* [Saved data entries]:
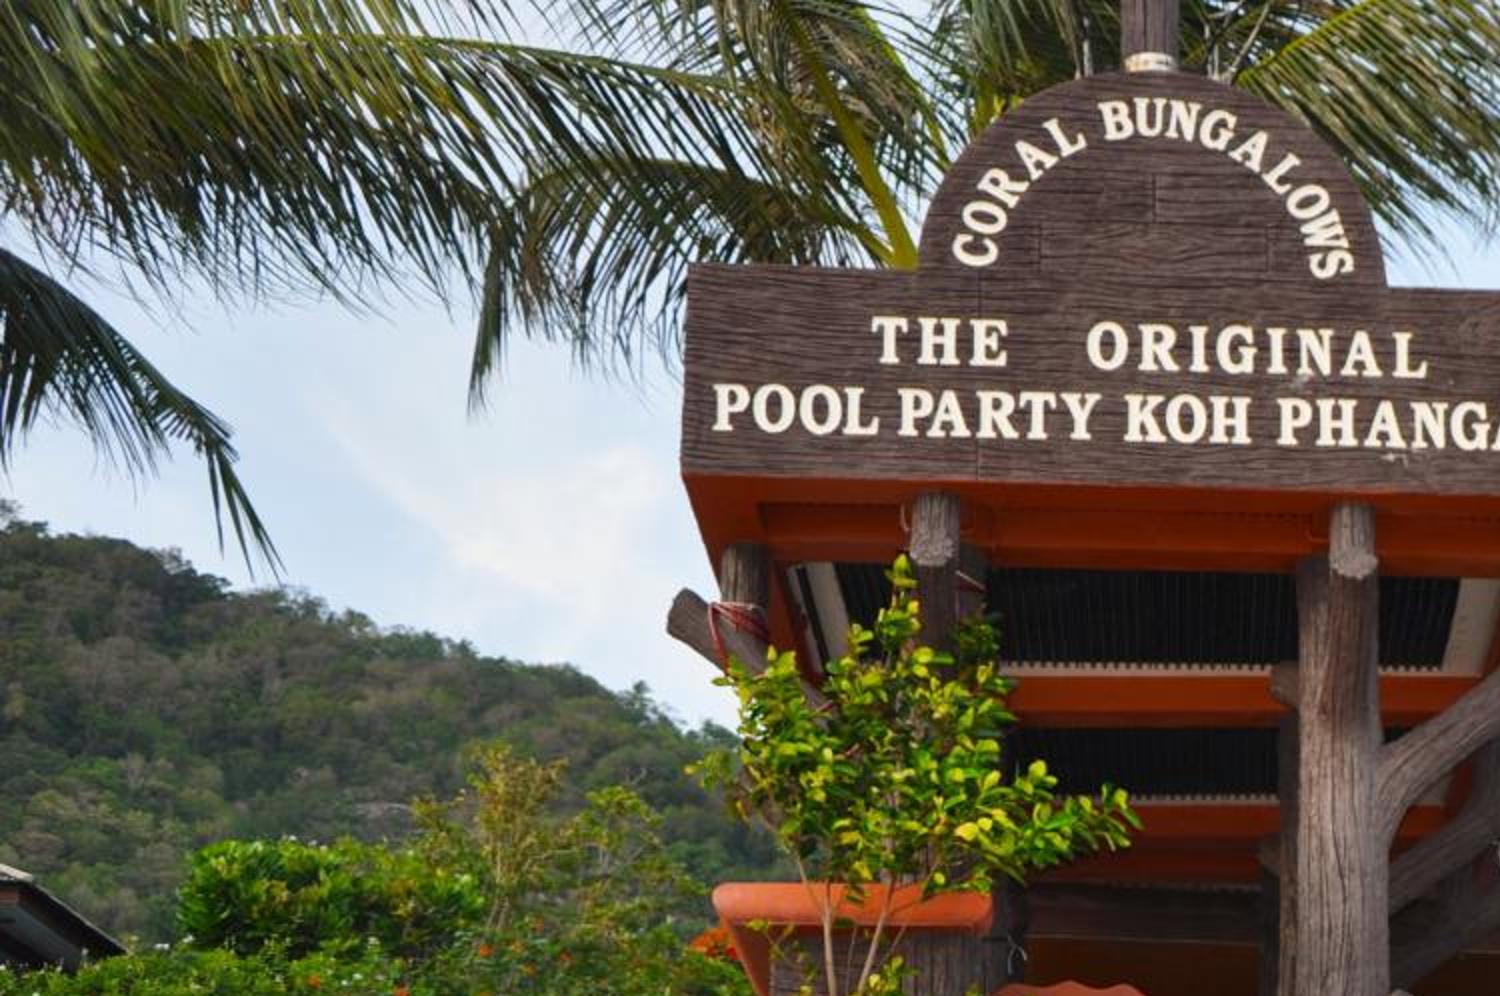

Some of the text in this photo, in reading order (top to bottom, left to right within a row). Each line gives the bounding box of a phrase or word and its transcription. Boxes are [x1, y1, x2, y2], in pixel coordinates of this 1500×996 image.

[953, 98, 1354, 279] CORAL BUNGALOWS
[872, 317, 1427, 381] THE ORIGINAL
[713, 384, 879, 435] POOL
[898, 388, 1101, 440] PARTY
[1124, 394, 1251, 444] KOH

* [WORK TO BE COMPLETED]: Exclude every picture and copy the remaining data exactly.

* [SOLUTION TO THIS PROBLEM]:
Some of the text in this photo, in reading order (top to bottom, left to right within a row). Each line gives the bounding box of a phrase or word and its transcription. Boxes are [x1, y1, x2, y2], in pixel coordinates of this 1500×996 image.

[953, 98, 1354, 279] CORAL BUNGALOWS
[872, 317, 1427, 381] THE ORIGINAL
[713, 384, 879, 435] POOL
[898, 388, 1101, 440] PARTY
[1124, 394, 1251, 444] KOH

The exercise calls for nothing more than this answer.